Proprio come il Jazz, la Capoeira e il Rastafarianesimo, il Carnevale dei Carabi nasce dal contatto tra Europa e Africa nell’ambito della tratta degli schiavi. La festa venne portata nei Caraibi dai latifondisti cattolici, francesi e spagnoli. Gli schiavi venivano lasciati partecipare ai festeggiamenti, ai quali essi aggiunsero tratti rituali mutuati dalle proprie culture dell’Africa Centrale. I neri deportati riproposero i costumi dei loro padroni, deridendoli allo stesso tempo, caricando l’unico giorno di libertà loro concesso di una potente frenesia sensuale che rievoca gli omonimi culti misterici in onore del dio Bacco.

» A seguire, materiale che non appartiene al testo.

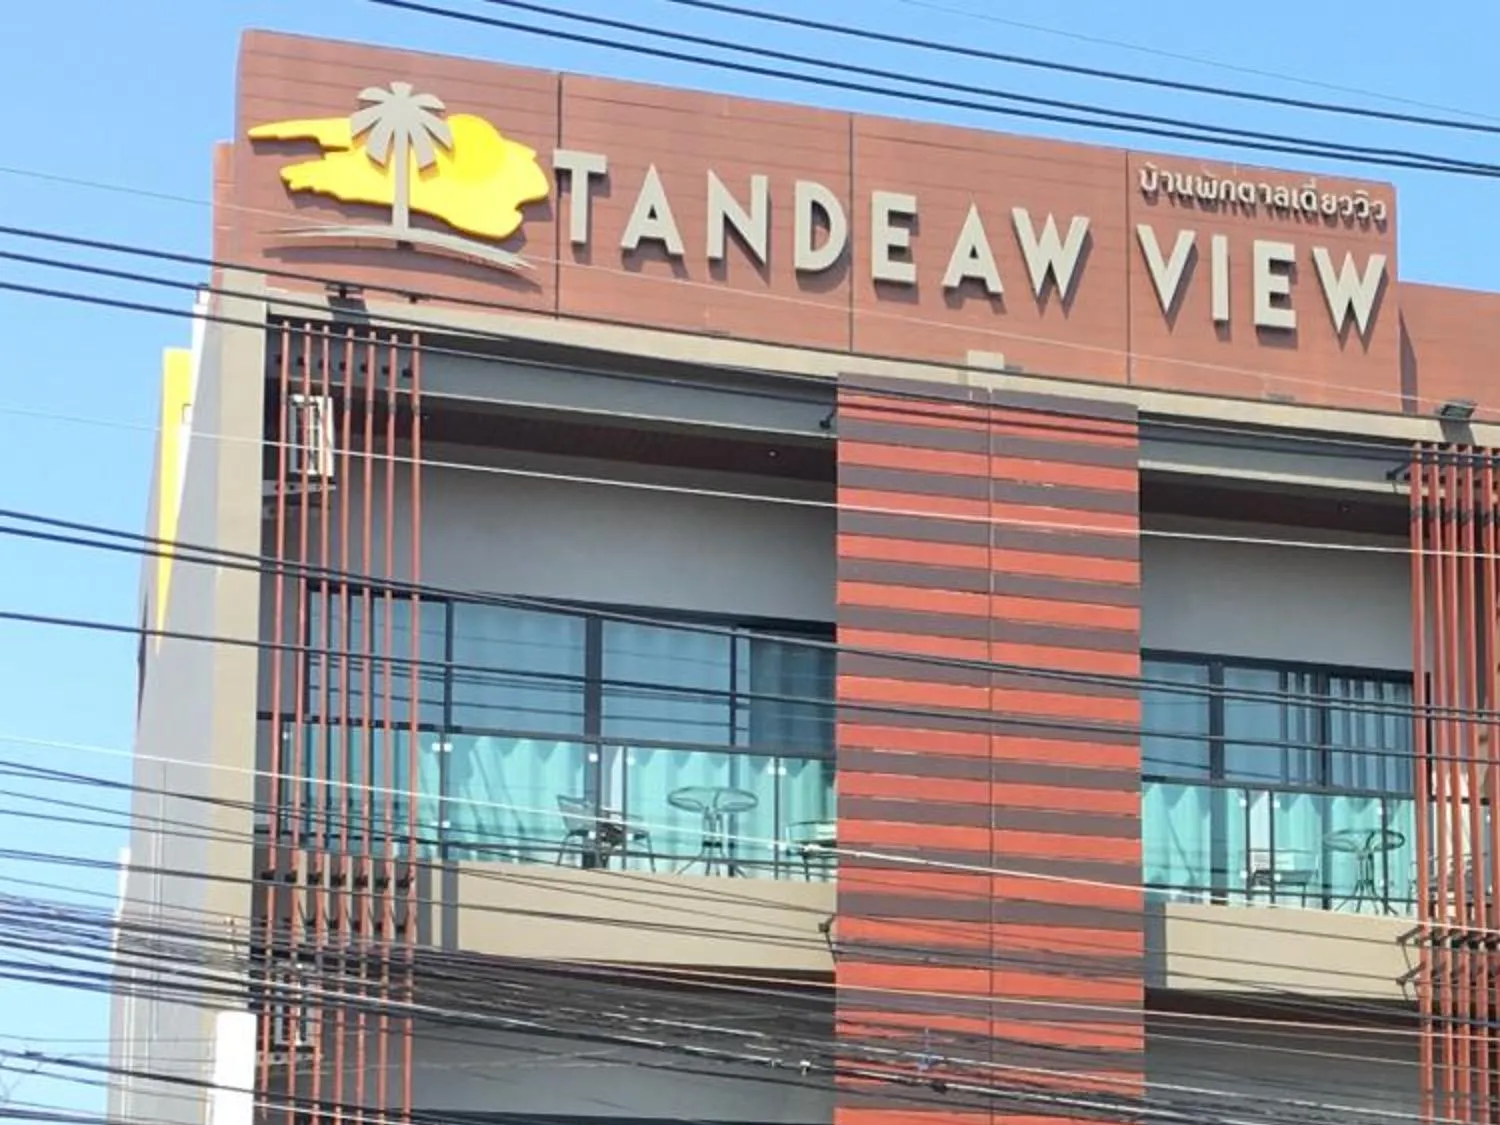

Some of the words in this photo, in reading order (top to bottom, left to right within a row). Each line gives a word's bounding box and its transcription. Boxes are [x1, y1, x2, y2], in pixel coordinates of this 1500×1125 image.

[552, 148, 1091, 301] TANDEAW
[1136, 223, 1386, 337] VIEW
[1139, 162, 1387, 220] บ้านพักตาลเดี่ยววิว

Le istituzioni schiaviste hanno oscillato tra l’approvazione delle masquerades come valvola di sfogo sociale e la repressione di un fenomeno sovversivo e irriverente, secondo una dinamica a tappe ricorrenti: tolleranza – crescita del fenomeno e conseguente repressione – ristabilimento del controllo – riformulazione istituzionale del rito – tolleranza. La stessa ambivalenza del potere nei confronti del bacchanal si è mantenuta dopo l’abolizione della schiavitù, quando il Carnevale ha intensificato la sua valenza identitaria di istituzione culturale propria degli africani caraibici, e il sostrato africano del rito è emerso in modo più dirompente. Ad esempio, quando le autorità coloniali di Trinidad vietarono le percussioni africane e le danze armate con bastoni, gli ex schiavi reagirono attaccando la polizia, cosparsi di bitume o petrolio per non farsi identificare, in quelli che vengono ricordati come i Disordini del Canboulay, dal nome delle danze belliche. Pochi anni dopo, il divieto venne aggirato, e al posto dei tamburi a fessura vennero introdotte orchestre di pentole e barili di petrolio, accompagnate da bottiglie percosse con cucchiai: nacquero le steelbands, ancora oggi elemento fondamentale della musica popolare dei Caraibi Orientali.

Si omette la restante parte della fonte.